Description of the task
Set down each line of the material that follows exactly, and leave its pictures out.

Dataset records
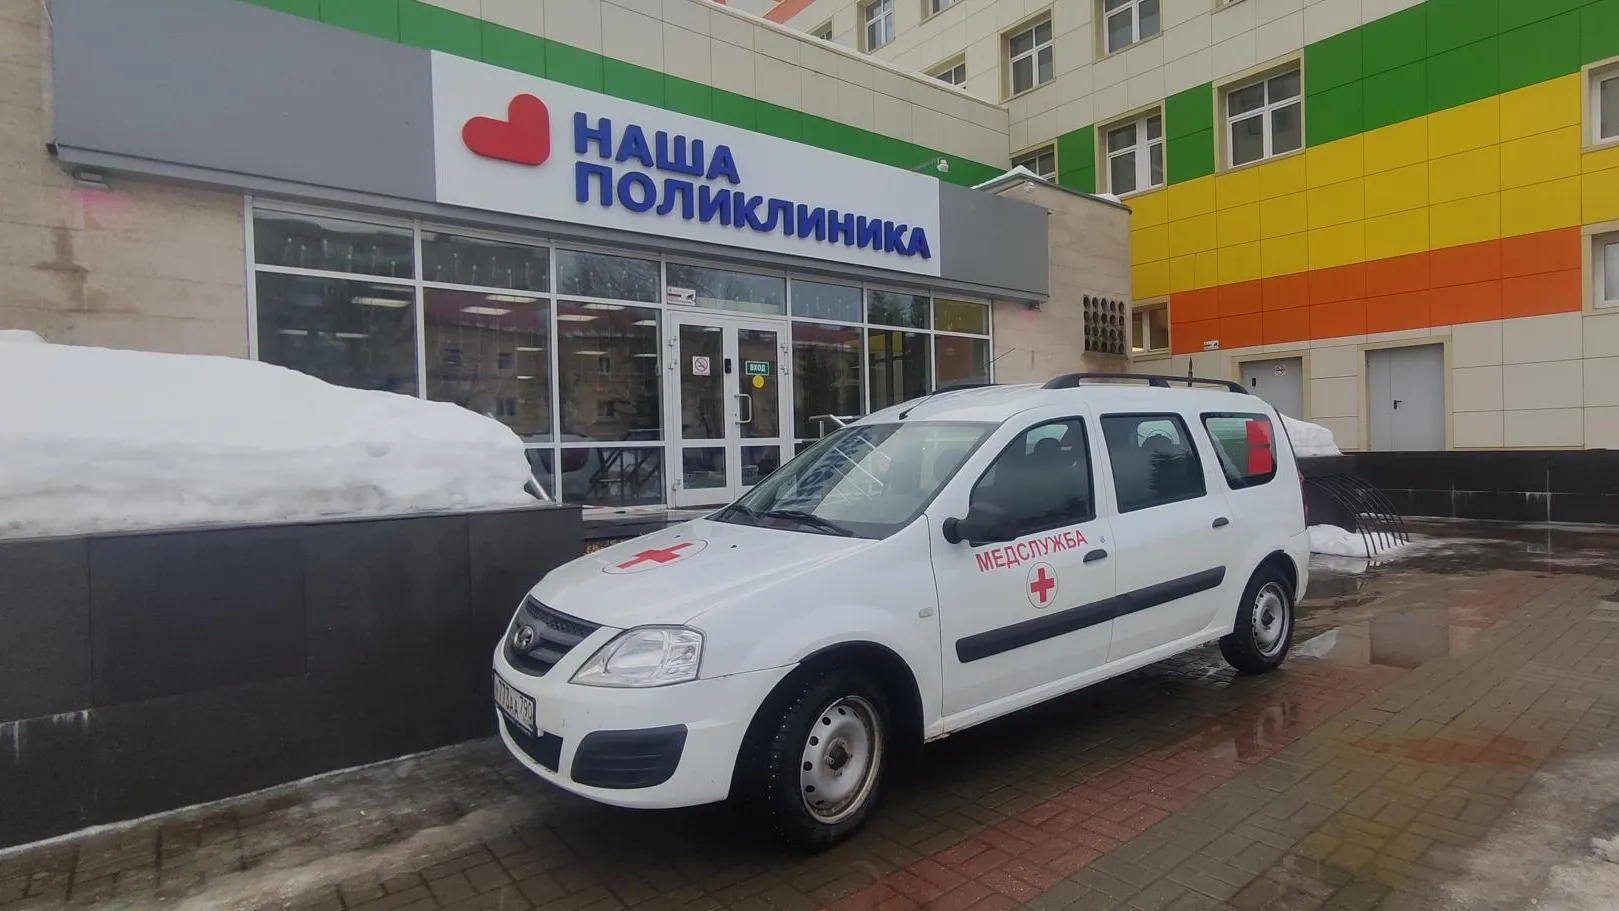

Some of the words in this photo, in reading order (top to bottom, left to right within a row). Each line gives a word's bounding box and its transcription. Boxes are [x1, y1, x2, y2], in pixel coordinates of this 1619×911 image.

[573, 111, 740, 184] НАША
[574, 160, 932, 259] ПОЛИКЛИНИКА
[750, 363, 766, 373] ВХОД
[975, 529, 1088, 572] МЕДСЛУЖБА

Result below
Some of the words in this photo, in reading order (top to bottom, left to right within a row). Each line gives a word's bounding box and its transcription. Boxes are [x1, y1, x2, y2], in pixel coordinates of this 1619×911 image.

[573, 111, 740, 184] НАША
[574, 160, 932, 259] ПОЛИКЛИНИКА
[750, 363, 766, 373] ВХОД
[975, 529, 1088, 572] МЕДСЛУЖБА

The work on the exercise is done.